Public Software Repository - 2016-11-06

[Previous release 2016-09-06]


  • Swiss Server v1.0.1 UPDATED
  • Swiss RS-485 Control v1.0.1 UPDATED
  • RS-485-SPI v1.0.0
  • RS-485-I2C v1.0.0
  • SwissClient-PHP v1.0.1 UPDATED
  • Swiss Python Examples NEW
  • AxiCat Server v1.3.2 UPDATED
  • AxiCat AVR ISP v1.1.0 UPDATED
  • AxiCat AL library v1.3.1
  • AxiCat Command Line Tool v1.3.1
  • AxiCat Main v1.3.2
  • AxiCat-164 Bootloader v1.0
  • AxiCat-324 Bootloader v1.0
  • AxiCat MicroVGA v1.0.0 NEW
  • Audio Visualizer Demo v1.1.0 NEW
  • Audio Visualizer Main v1.3 NEW
  • Audio Visualizer Bootloader v1.0 NEW
  • Audio Visualizer EM-800 P.C. v1.0 NEW
  • MCU Bootloader Tool v1.2.0 NEW
  • EEPROM 24C v1.0.1 UPDATED


Source code of the software. Makefiles and project files are included so you can build the software yourself. Binaries are provided as well.

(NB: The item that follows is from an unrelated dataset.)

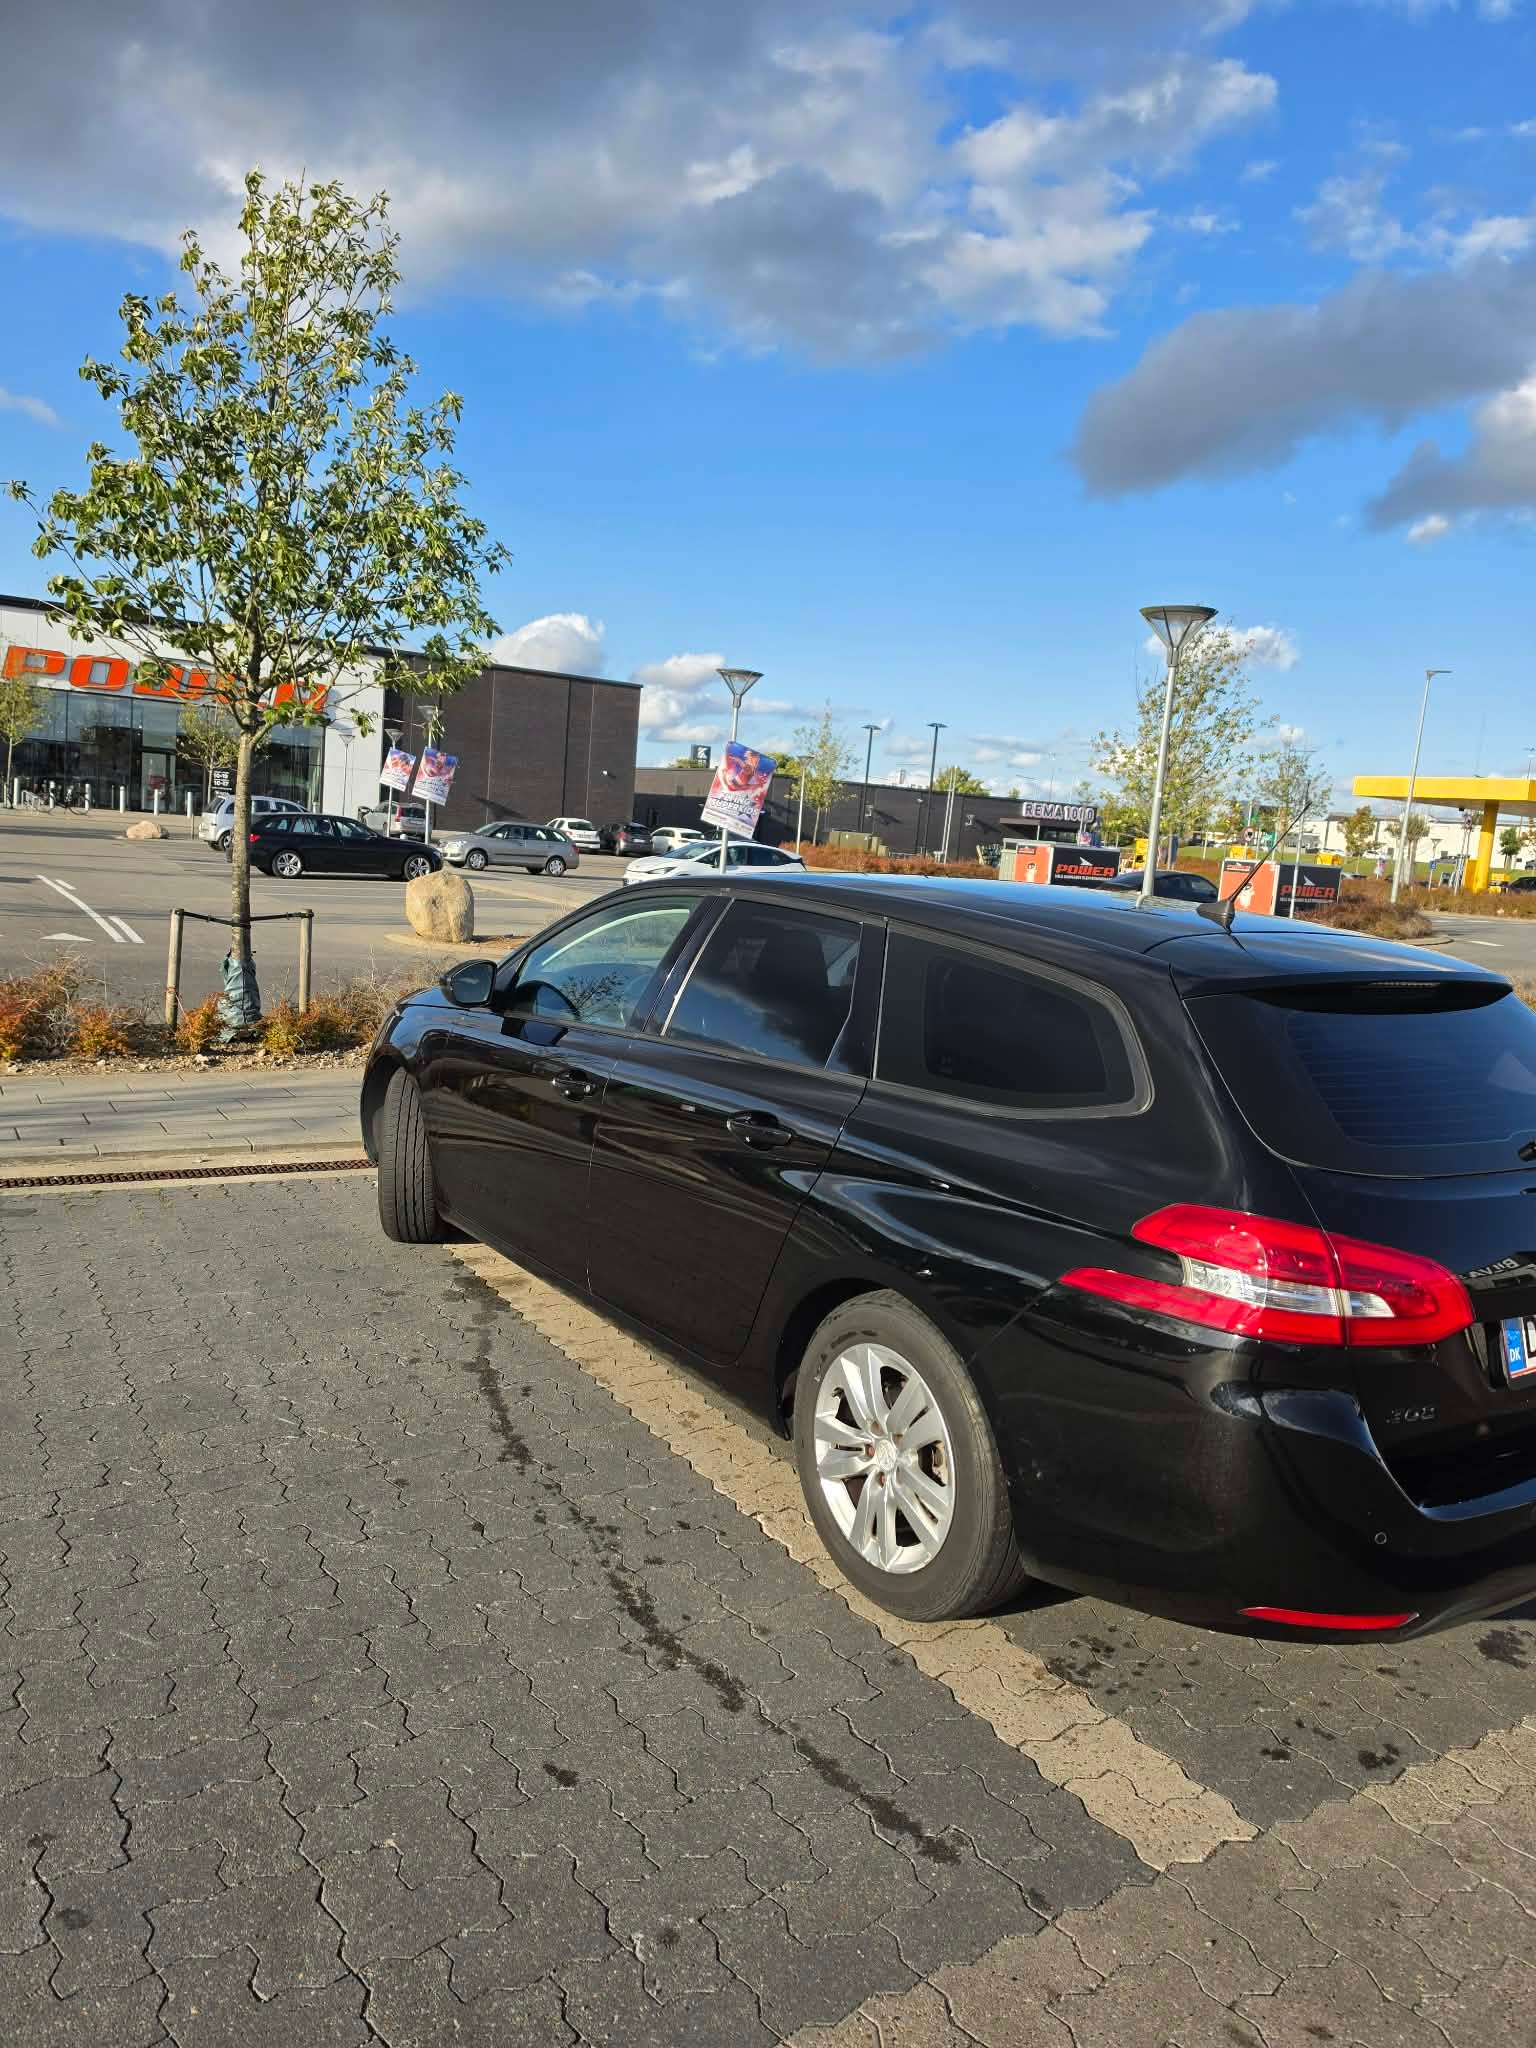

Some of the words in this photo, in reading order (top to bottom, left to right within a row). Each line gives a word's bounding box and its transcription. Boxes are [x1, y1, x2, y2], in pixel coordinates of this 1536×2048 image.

[1022, 801, 1063, 819] REMA
[1056, 863, 1115, 877] POWER
[1509, 1347, 1522, 1362] DK

You can find documentation in directories called "doc" that are scattered around the source code.

All packages were created from a single directory structure with "public" as the base directory. You're advised to extract sources and required binaries to the same directory to recreate a repository for the platform of your choice. Simply extract to a local directory. There's no installation procedure.

We're regularly improving software and adding new code and documentation, so check it out from time to time.

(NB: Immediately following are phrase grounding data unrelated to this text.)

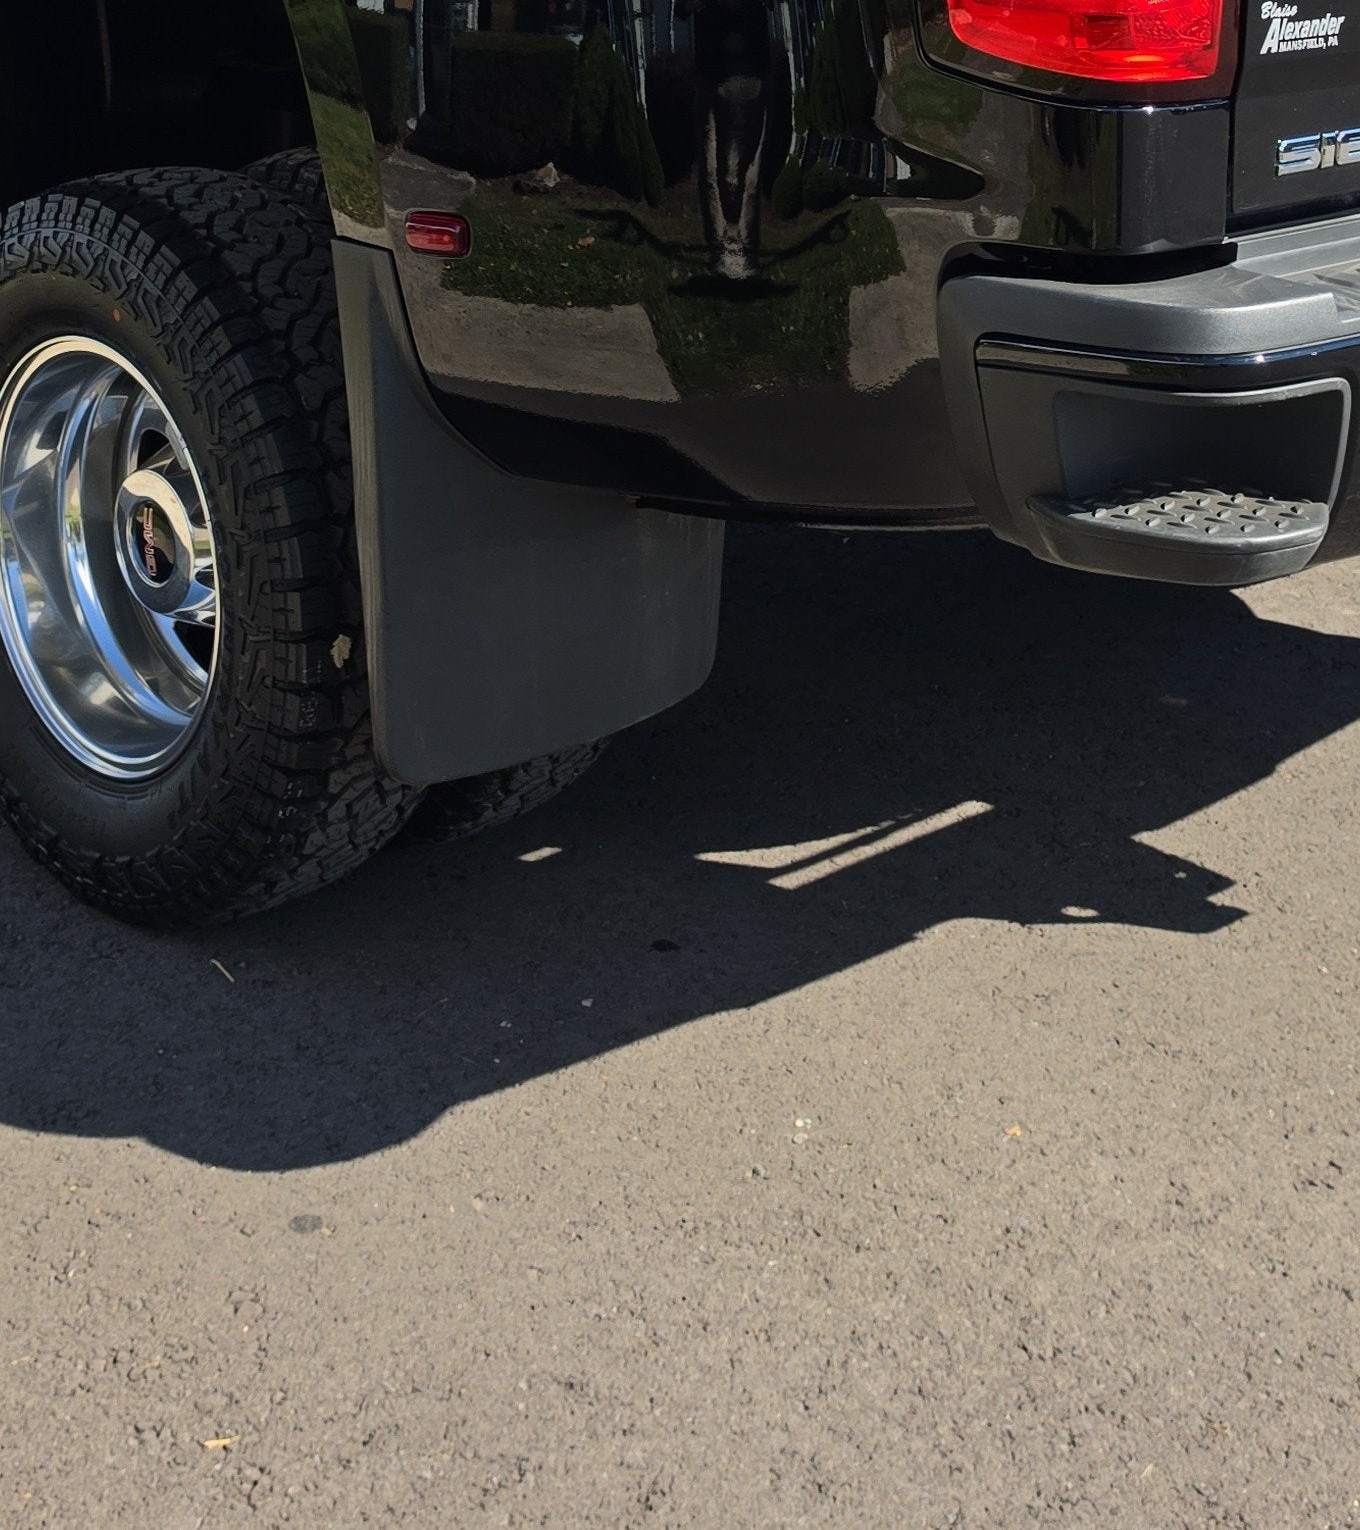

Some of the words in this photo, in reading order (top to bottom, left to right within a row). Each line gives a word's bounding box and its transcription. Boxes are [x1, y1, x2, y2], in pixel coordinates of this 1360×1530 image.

[1261, 1, 1298, 20] Blaise
[1260, 13, 1346, 55] Alexander
[1279, 37, 1326, 53] MANSFIELD,
[1328, 35, 1339, 47] PA
[143, 507, 157, 577] GMC

Picking the Right Packages

The packages are distributed as tar-gzip and zip files. Both formats are compression formats. Zip files are typically used in Windows. A tar-gzip file additionally contains file permissions and is mainly used in Linux.

If a package is available in both formats (e.g. src and avr8), the contents of both files are the same.


These packages contains firmware binaries for various boards and products that incorporate an Atmel AVR 8-bit microcontroller. The filename of the packages is structured as follows:

  • public-date-avr8.tar.gz
date Release date of the package.
avr8 Indication for AVR 8-bit.

There's an ELF file (.elf) and an Intel HEX file (.hex) for each firmware binary. Most in-system programmers and bootloader tools support these file types, including AxiCat AVR ISP and MCU Bootloader Tool.


The Linux versions of the binaries are distributed as a tar-gzip archive files. The filename of the packages is structured as follows:

  • public-date-linux-architecture.tar.gz
date Release date of the package.
architecture A name that indicates the architecture for which the package is meant.

Linux is available on a variety of so-called architectures. The architecture is about the environment programs run in. It involves the instruction set architecture (ISA) of the processor, the Application Binary Interface (ABI) for calling the Linux kernel and libraries, use or emulation of floating point unit (FPU) instructions. An ISA can have many versions that are upwards compatible, like the Intel x86 family of processors for example.

The software runs on several architectures. There's a package for each supported architecture. The architecture portion of the filename marks the target architecture:

armel ARM processor, 32-bit, Little Endian, FPU emulated in software (soft-float).
armhf ARM processor, 32-bit, Little Endian, FPU present (hard-float).
i486 Intel 80486 or later processor, 32-bit.
amd64 AMD64 and Intel 64 instruction set, 64-bit.

This list may seem limited, nevertheless it covers a wide range of Linux-based systems including SBCs, PCs and embedded systems.

The armel and armhf architecture are very commonplace nowadays. Many single board computers (SBCs) and other Linux devices are equipped with an ARM-based application processor, like BeagleBone and RPi.

Probably the most difficult part is to determine whether the armel or armhf package must be used. This really depends on your Linux distribution. Your distribution may explicitly state the architecture. In many cases, architecture armel is advertised as “soft float”, while armhf is advertised as “hard float”. If this doesn't help, use the method using gcc as explained later.

The i486 and amd64 architectures are typically used on PCs. Some SBCs may also incorporate an x86 or compatible processor.

If you've difficulty determining the architecture of your particular Linux installation, you can run the following command:

$ gcc -dumpmachine

Note that gcc must have been installed for this to work.

The outcome of this command is the compiler's “target machine” a.k.a. “GNU triplet” which is key in determining the architecture of your Linux system. Here's a list of commonly produced results and the corresponding architecture name:

arm-linux-gnueabi armel
arm-linux-gnueabihf armhf
x86_64-linux-gnu amd64

It may be possible that your particular architecture isn't supported. If so, you may contact us, we may be able to create a package for your Linux system.


This package contains executables for Windows 2000 and later. The filename of the package is structured as follows:

date Release date of the package.
win32 Indication for Win32 environment.

All binaries are 32-bit executables. The binaries run on 64-bit versions of Windows as well.